EXPLAIN (BUFFERS, ANALYSE)
SELECT metric,
       area_code,
       MAX(area_name) AS area_name,
       percentile_cont(.25) WITHIN GROUP (ORDER BY (ts.payload ->> 'value')::FLOAT) AS first_quantile,
       percentile_cont(.5)  WITHIN GROUP (ORDER BY (ts.payload ->> 'value')::FLOAT) AS median,
       percentile_cont(.75) WITHIN GROUP (ORDER BY (ts.payload ->> 'value')::FLOAT) AS third_quantile
FROM covid19.time_series AS ts
  JOIN covid19.area_reference   AS ar ON ar.id = ts.area_id
  JOIN covid19.metric_reference AS mr ON mr.id = ts.metric_id
WHERE ts.date BETWEEN '2021-08-05' AND '2021-11-05'
  AND ts.partition_id = '2021_11_10|ltla'
  AND NOT (metric ILIKE '%direction%' OR metric ILIKE '%demog%')
GROUP BY metric, area_code
ORDER BY median DESC;

COMMIT;

QUERY PLAN
Planning:
  Buffers: shared hit=29
Planning Time: 2.090 ms
JIT:
  Functions: 8
  Options: Inlining false, Optimization false, Expressions true, Deforming true
  Timing: Generation 1.471 ms, Inlining 0.000 ms, Optimization 0.485 ms, Emission 6.421 ms, Total 8.377 ms
Execution Time: 12750.490 ms

We can see that despite the overhead, the execution time is — albeit marginally — shorter with JIT.

No quick answer

We all enjoy one-size-fits-all solutions, but unfortunately there is no such thing in high performance computing.
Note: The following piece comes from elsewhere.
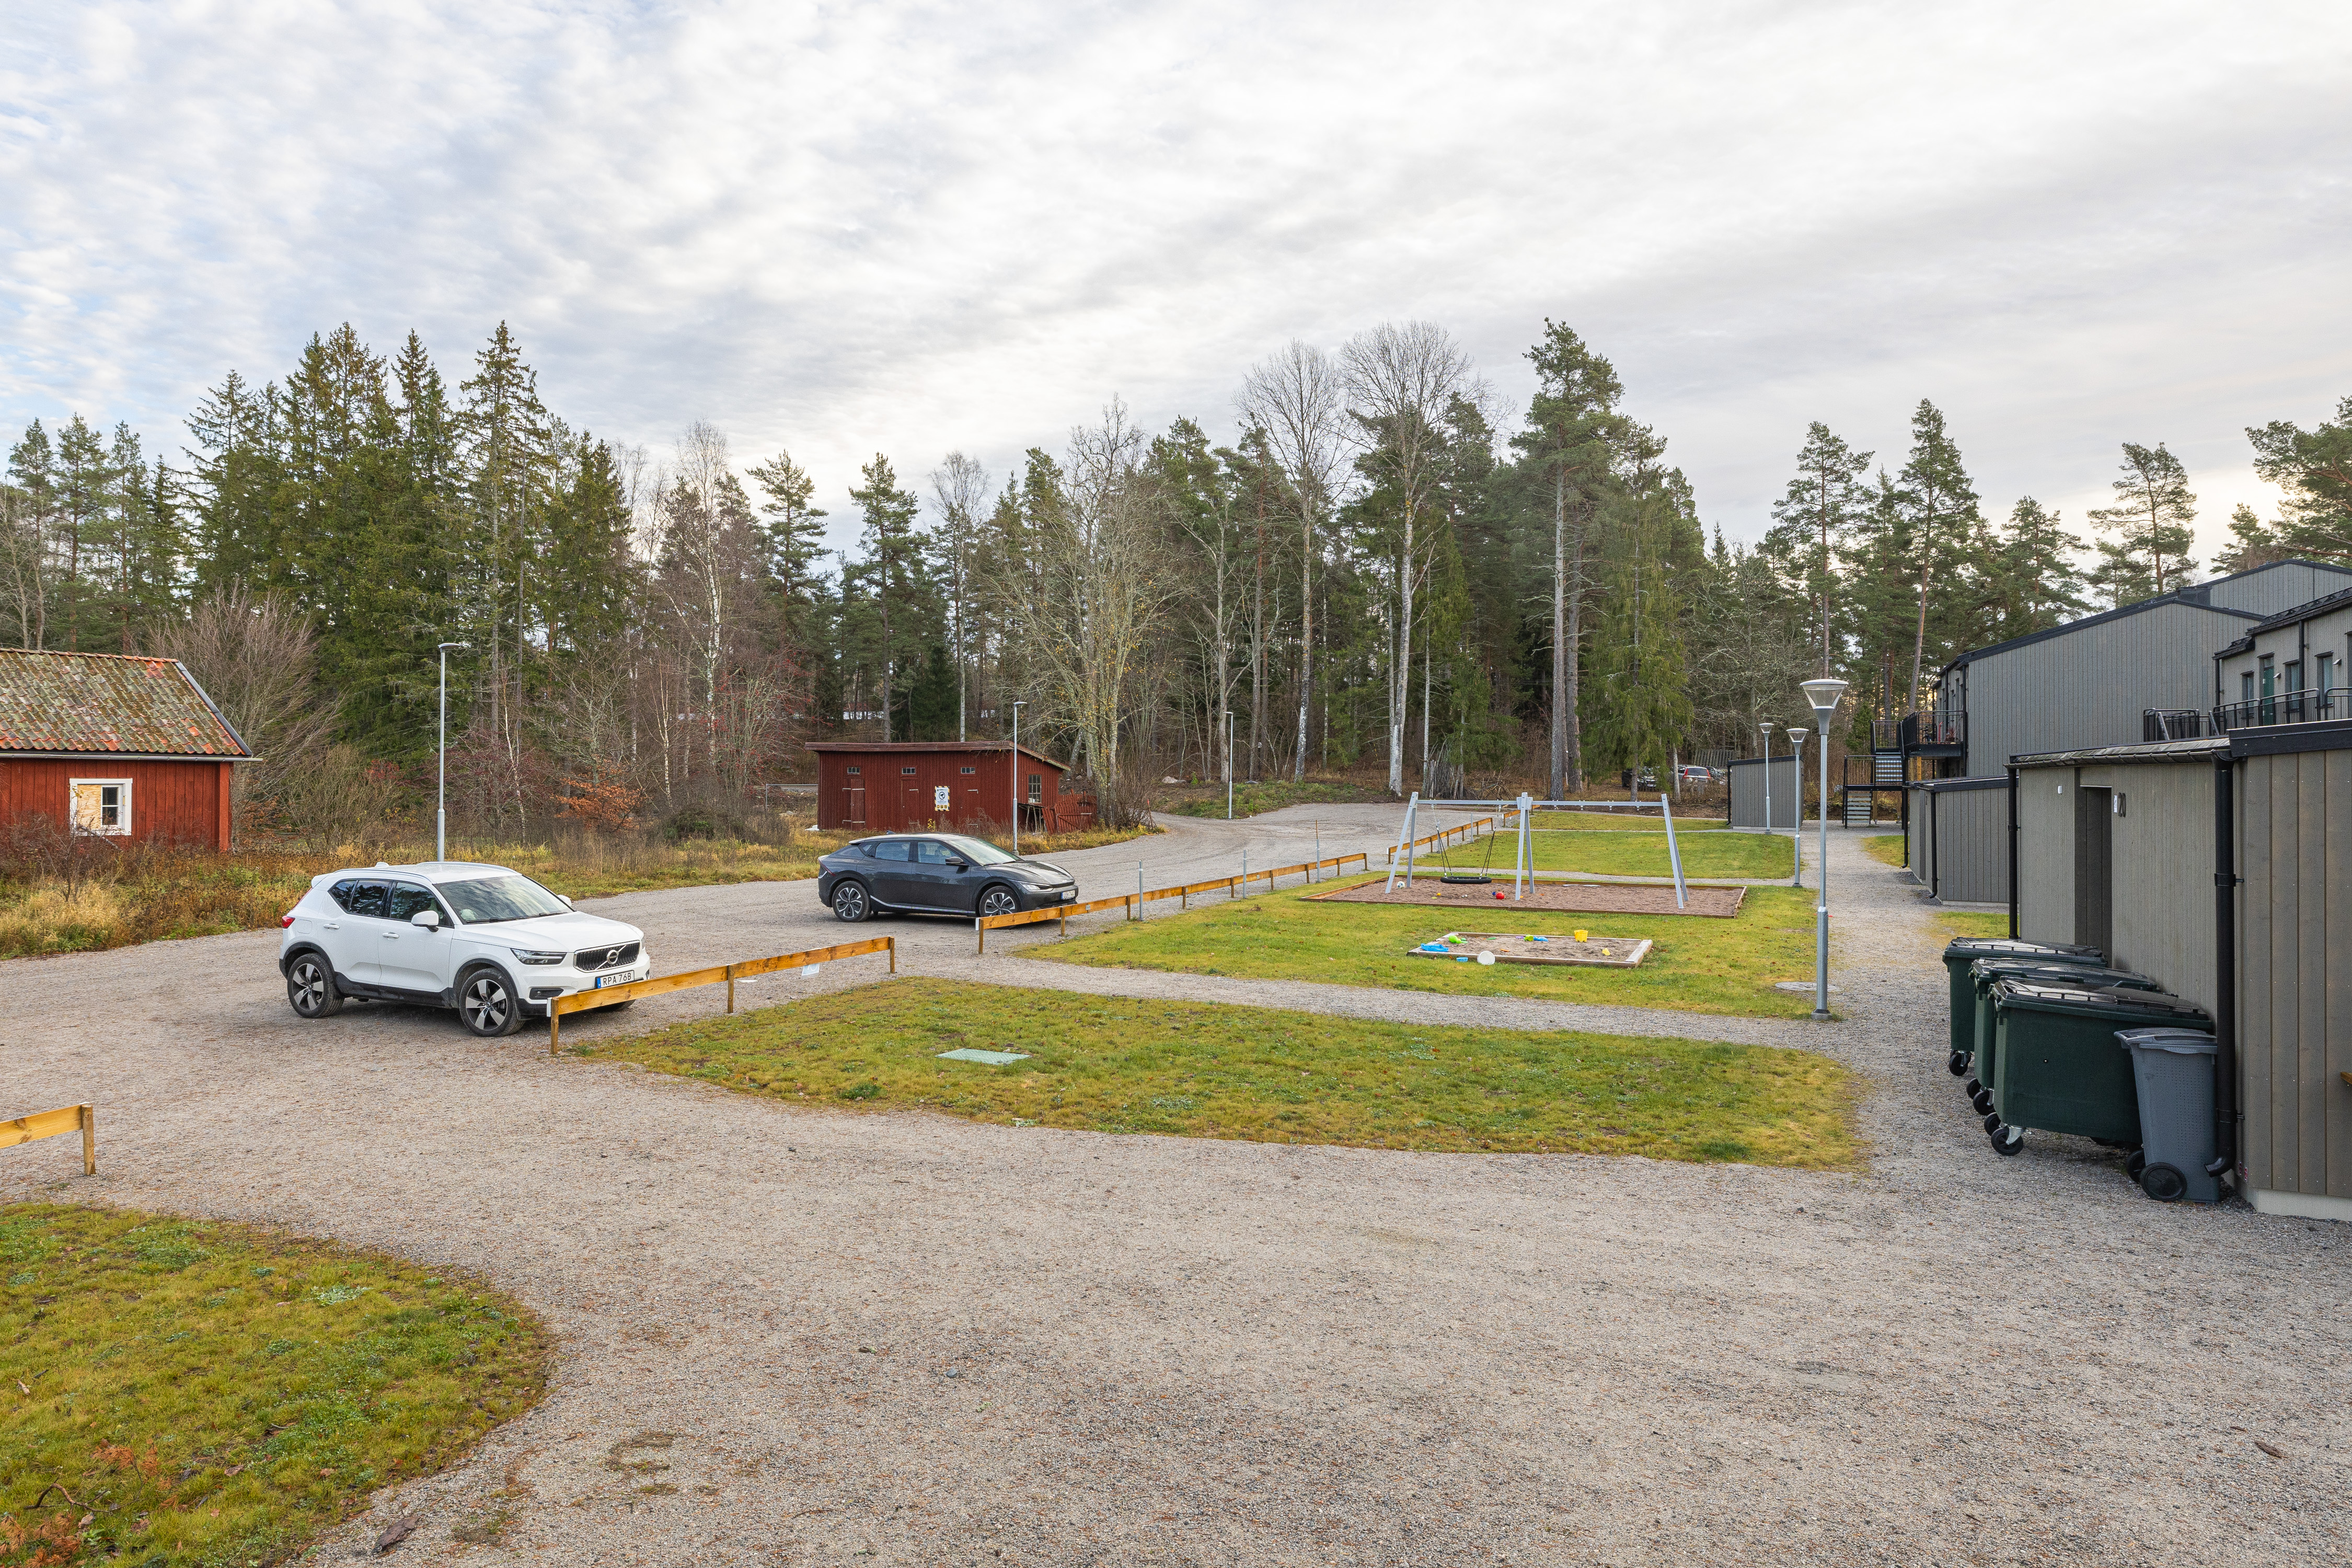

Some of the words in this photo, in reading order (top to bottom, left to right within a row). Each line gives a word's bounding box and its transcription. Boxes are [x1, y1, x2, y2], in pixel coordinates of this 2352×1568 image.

[2118, 792, 2126, 817] 20
[603, 976, 617, 986] RPA
[619, 972, 631, 982] 76B
It is often easy to look from the outside and prescribe a generic solution to any given problem; however, whether or not such solutions prove helpful may only be determined through meticulous experimentation on the specific product.

Following this incident, the Postgres team at Microsoft Azure have decided to consider changing the default setting in Postgres 14 and turn JIT off for new instances.

Acknowledgement

Finally, I would like to thank the Azure Postgres (Hyperscale) team for their commitment and dedicate support, day, night, and midnight!